Vanderbilt University researchers have developed a way to more quickly and precisely trap nanoscale objects – such as potentially cancerous extracellular vesicles – using cutting-edge plasmonic nanotweezers. A breakthrough concept in nanoscience, called plasmonics, is being used to confine light to the nanoscale, but trapping nanoscale objects near plasmonic structures can be a lengthy process, because of the wait for nanoparticles to randomly approach the structures. In this case, the researchers used a high-throughput plasmonic nanotweezer technology, which enables the rapid trapping and positioning of single nanoscale biological objects in a matter of seconds. 

(Funded by the National Science Foundation and the U.S. Department of Energy)

Scientists at the University of Chicago have demonstrated a way to create infrared light using colloidal quantum dots. Colloidal quantum dots are tiny crystals – you could fit a billion into the period at the end of this sentence – that emit different colors of light, depending on how big you make them. They are very efficient and are already being used in quantum-dot televisions, but in that case, they are used to make visible light.

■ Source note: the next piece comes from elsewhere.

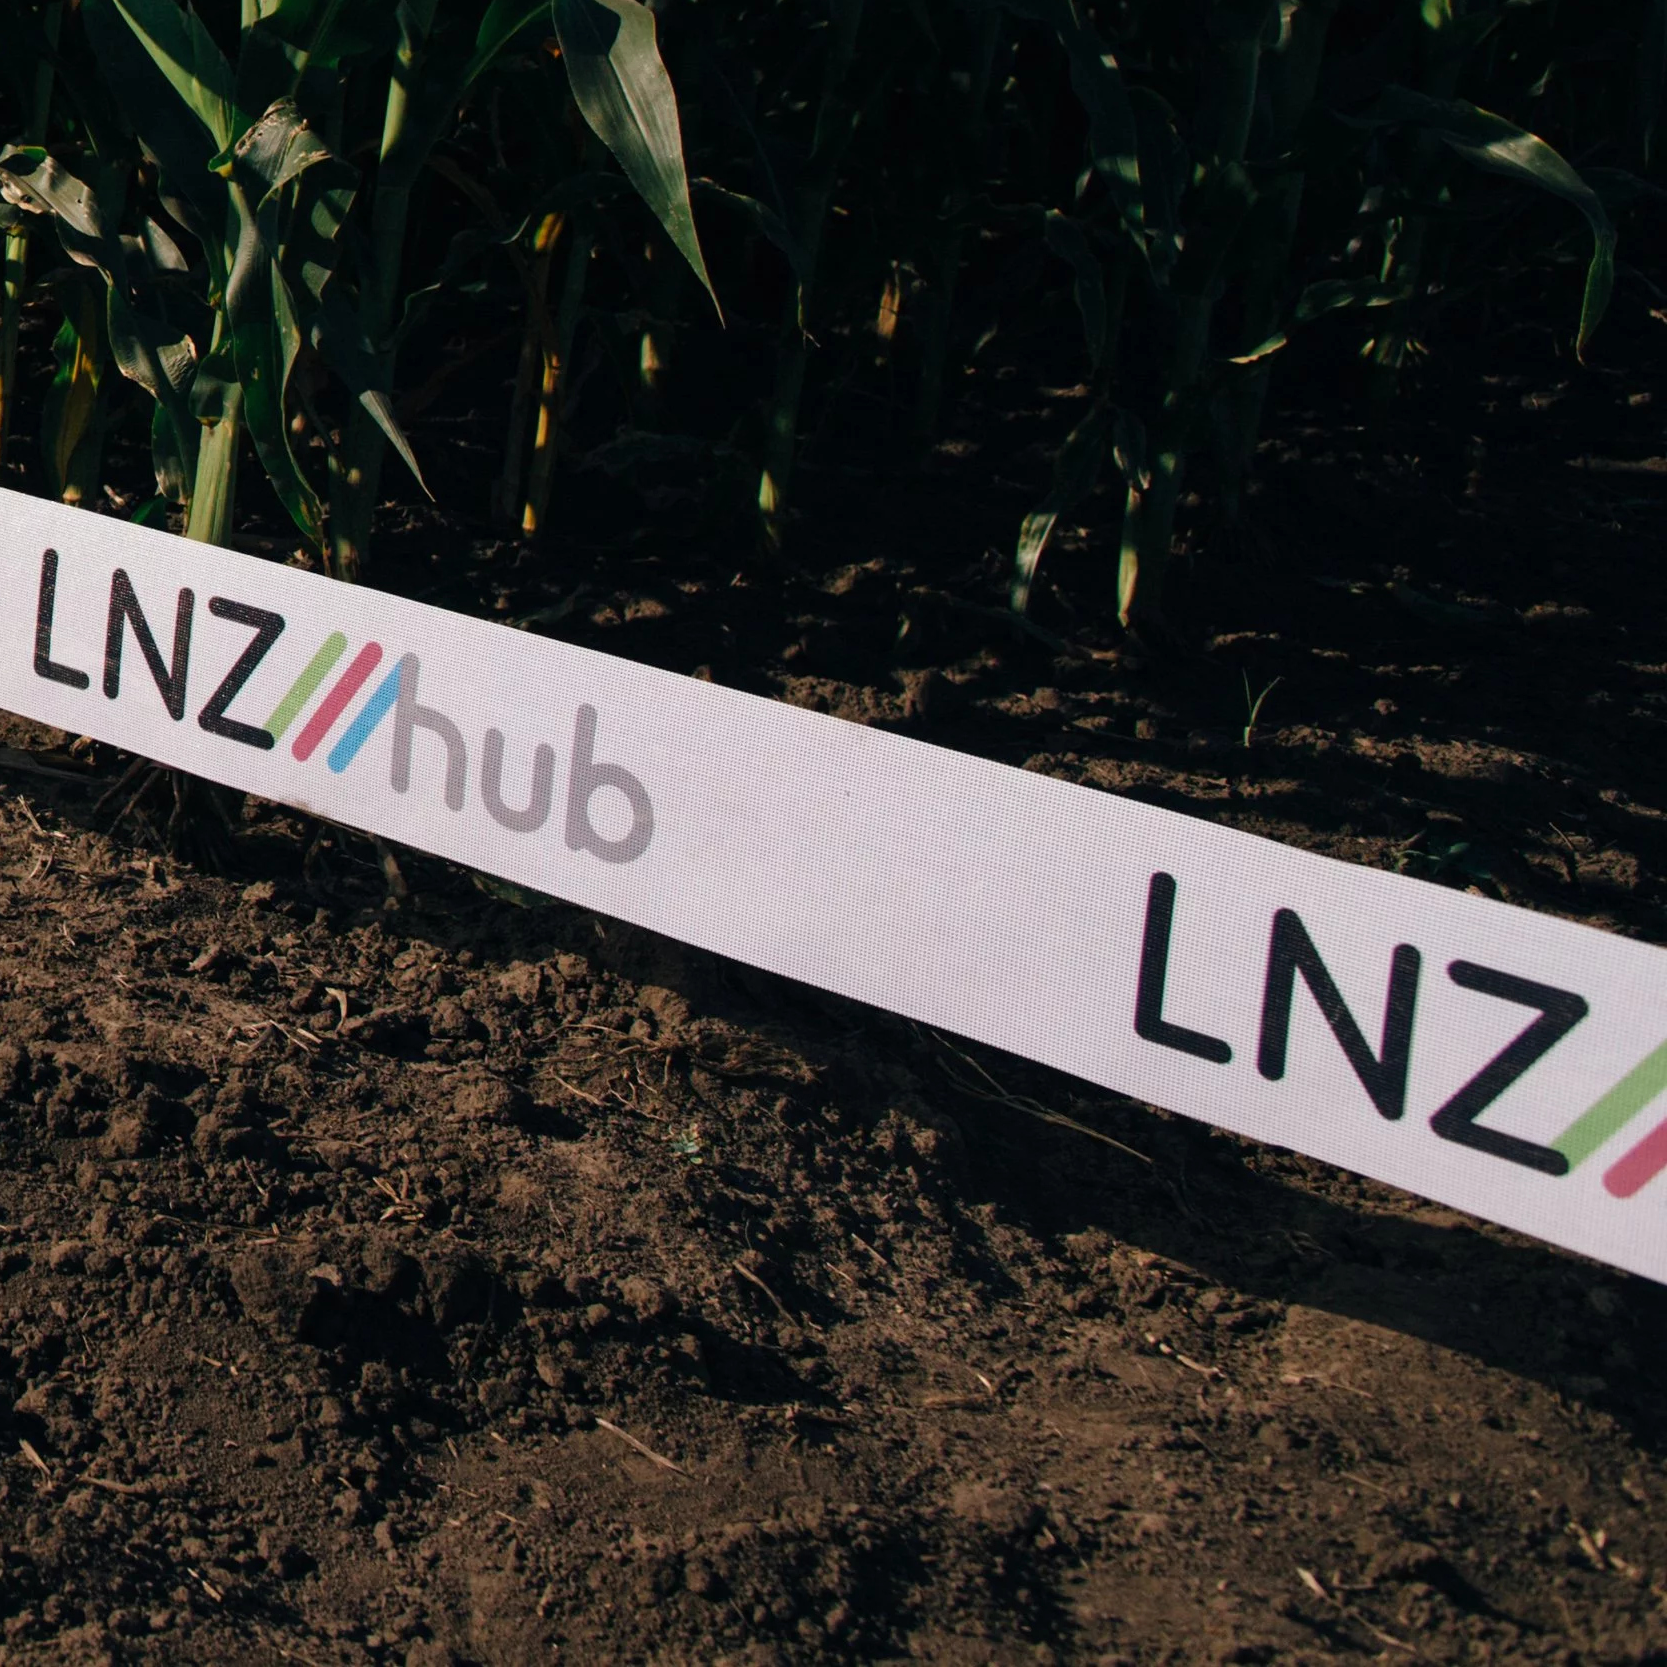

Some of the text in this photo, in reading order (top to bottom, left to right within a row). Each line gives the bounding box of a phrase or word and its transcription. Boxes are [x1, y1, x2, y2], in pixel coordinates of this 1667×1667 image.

(Funded in part by the U.S. Department of Energy and the National Science Foundation)

Small metal nanoparticles anchored on a thermally stable oxide, like silica, are a major class of catalysts, which are substances used to accelerate chemical reactions without being consumed themselves. The catalytic reaction usually occurs on the reactive metal nanoparticles, but on some catalysts, hydrogen atom-like equivalents spill from the metal nanoparticles to the oxide. These hydrogen-on-oxide species are called "hydrogen spillover." Now, researchers from Penn State, the University of Houston, and Trinity University in San Antonio, TX, have discovered how and why hydrogen spillover occurs and have provided the first quantitative measurement of the process. 

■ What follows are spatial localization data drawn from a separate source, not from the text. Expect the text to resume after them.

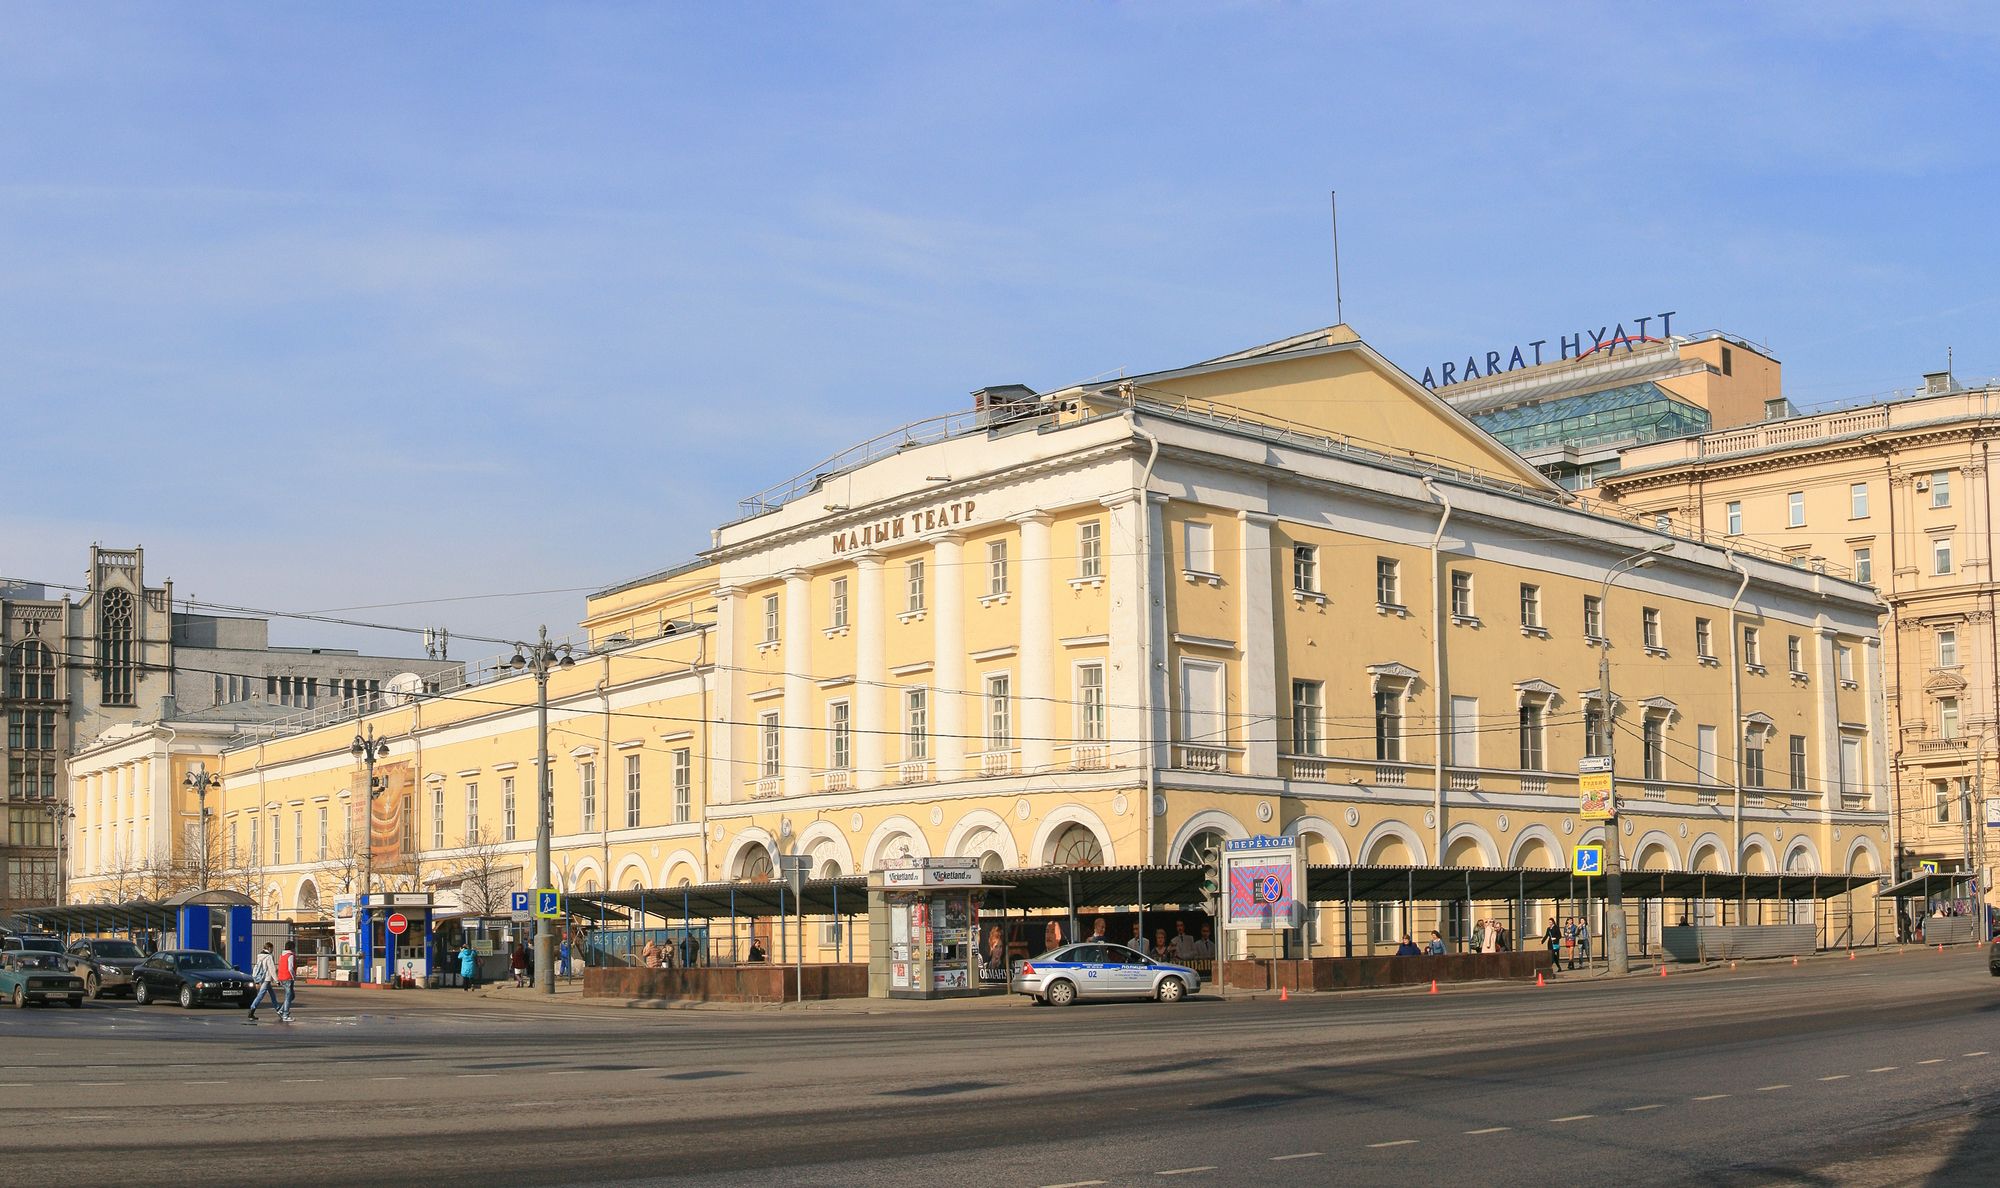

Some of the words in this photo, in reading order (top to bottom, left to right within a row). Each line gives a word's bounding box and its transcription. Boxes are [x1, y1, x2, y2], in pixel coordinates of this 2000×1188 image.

[1421, 340, 1546, 389] ARARAT
[1561, 311, 1676, 361] HYATT
[832, 515, 905, 554] МАЛЫЙ
[912, 500, 976, 533] ТЕАТР
[1234, 838, 1287, 849] ПЕРЕХОД
[933, 870, 972, 882] Ticketland.ru
[516, 894, 527, 910] P
[1088, 970, 1097, 978] 02

(Funded in part by the U.S. Department of Energy)

Researchers from the U.S. Department of Energy's Oak Ridge National Laboratory and Ulster University in Belfast, UK, have reviewed leading work in subsurface nanometrology, the science of internal measurement at the nanoscale level, and have suggested that quantum sensing could become the foundation for the field's next era of discoveries. Potential applications could range from mapping intracellular structures for targeted drug delivery to characterizing quantum materials and nanostructures for the advancement of quantum computing.

(Funded in part by the National Institutes of Health)

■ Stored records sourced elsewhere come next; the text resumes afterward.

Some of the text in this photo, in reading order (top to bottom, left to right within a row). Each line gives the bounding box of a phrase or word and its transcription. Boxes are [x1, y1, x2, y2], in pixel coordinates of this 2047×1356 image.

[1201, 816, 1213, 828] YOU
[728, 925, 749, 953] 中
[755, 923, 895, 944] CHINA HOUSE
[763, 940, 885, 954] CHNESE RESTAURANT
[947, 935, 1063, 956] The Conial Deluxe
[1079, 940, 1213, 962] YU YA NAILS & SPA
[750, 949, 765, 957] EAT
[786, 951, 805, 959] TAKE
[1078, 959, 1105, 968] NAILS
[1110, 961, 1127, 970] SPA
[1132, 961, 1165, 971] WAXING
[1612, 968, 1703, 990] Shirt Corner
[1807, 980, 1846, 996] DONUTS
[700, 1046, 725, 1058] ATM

Researchers from the University of Massachusetts Amherst and Cyta Therapeutics, Inc. (Lowell, MA) have used a nanogel-based carrier to deliver a drug exclusively to the liver of obese mice, effectively reversing their diet-induced disease. The researchers gave the drug – which mimics a synthetic thyroid hormone – daily to obese mice. The drug was packaged inside the nanogel and delivered to the mice through their abdominal cavities. After five weeks of treatment, the mice returned to a normal weight, their cholesterol levels dropped, and their liver inflammation was resolved.

(Funded in part by the U.S. Department of Agriculture)

Researchers from Case Western Reserve University and 4D Maker LLC in Okemos, MI, are developing a "smart packaging" system to monitor temperature fluctuations, moisture changes, and pathogens in perishable food products during transportation. A central feature of the system is a small, self-powered monitoring device consisting of flexible sensors and triboelectric nanogenerators, which convert mechanical energy into electricity.